== Segment start ==
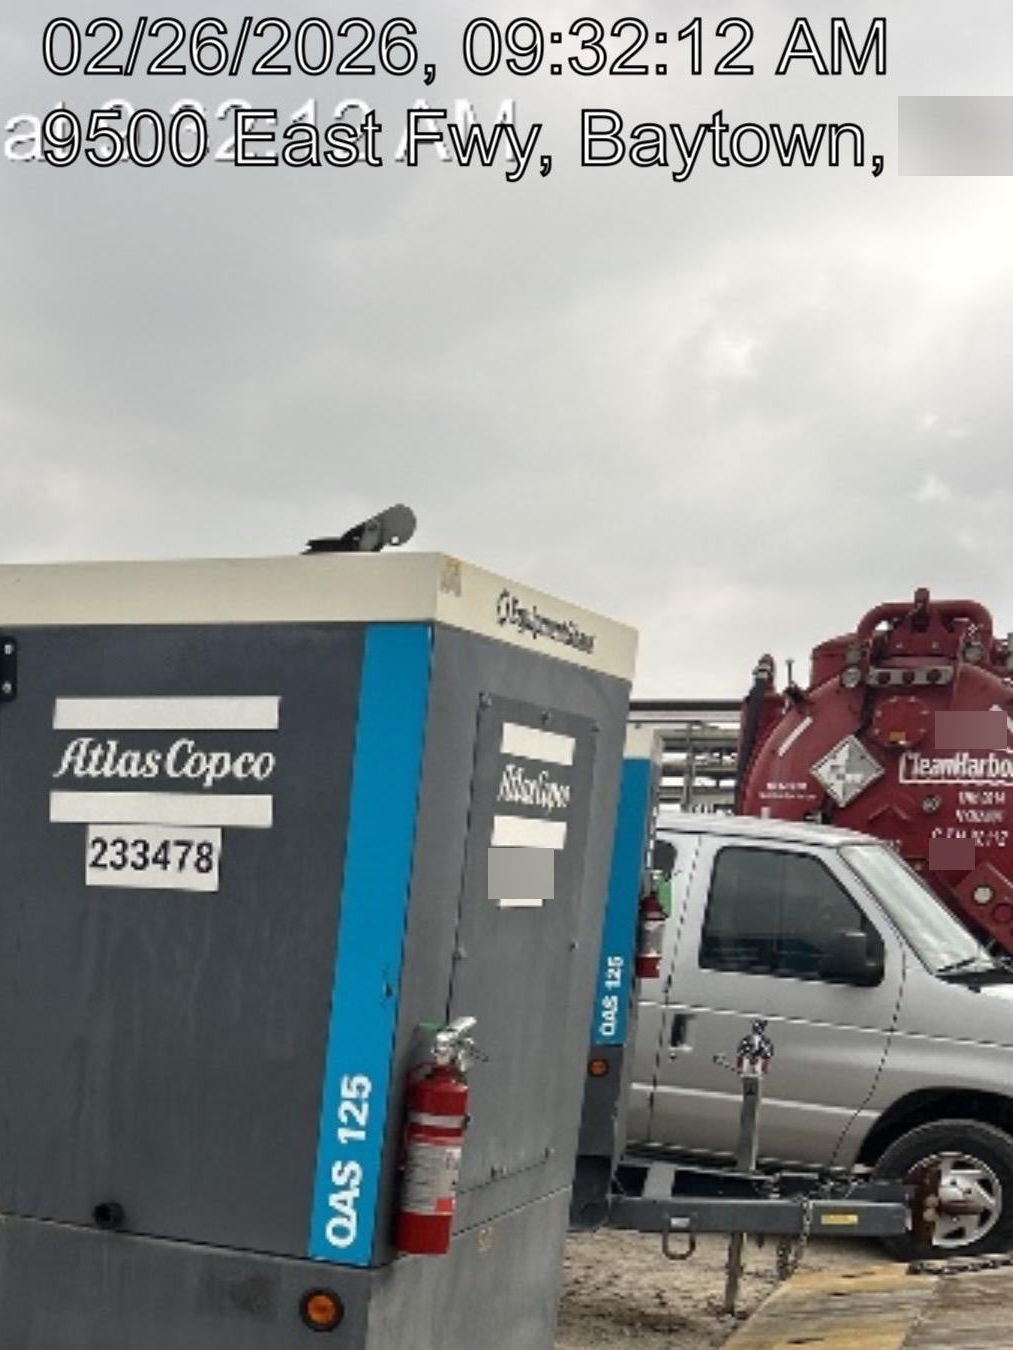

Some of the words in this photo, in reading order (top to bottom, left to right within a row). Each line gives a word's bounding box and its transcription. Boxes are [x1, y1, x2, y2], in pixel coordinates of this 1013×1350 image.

[53, 736, 162, 778] Atlas
[165, 737, 276, 788] Copco
[89, 836, 215, 874] 233478
[337, 1074, 372, 1144] 125
== Segment end ==
Nothing but an exact copy of the data above, minus its pictures, should appear in the response.

• **Answer for the task**
Some of the words in this photo, in reading order (top to bottom, left to right within a row). Each line gives a word's bounding box and its transcription. Boxes are [x1, y1, x2, y2], in pixel coordinates of this 1013×1350 image.

[53, 736, 162, 778] Atlas
[165, 737, 276, 788] Copco
[89, 836, 215, 874] 233478
[337, 1074, 372, 1144] 125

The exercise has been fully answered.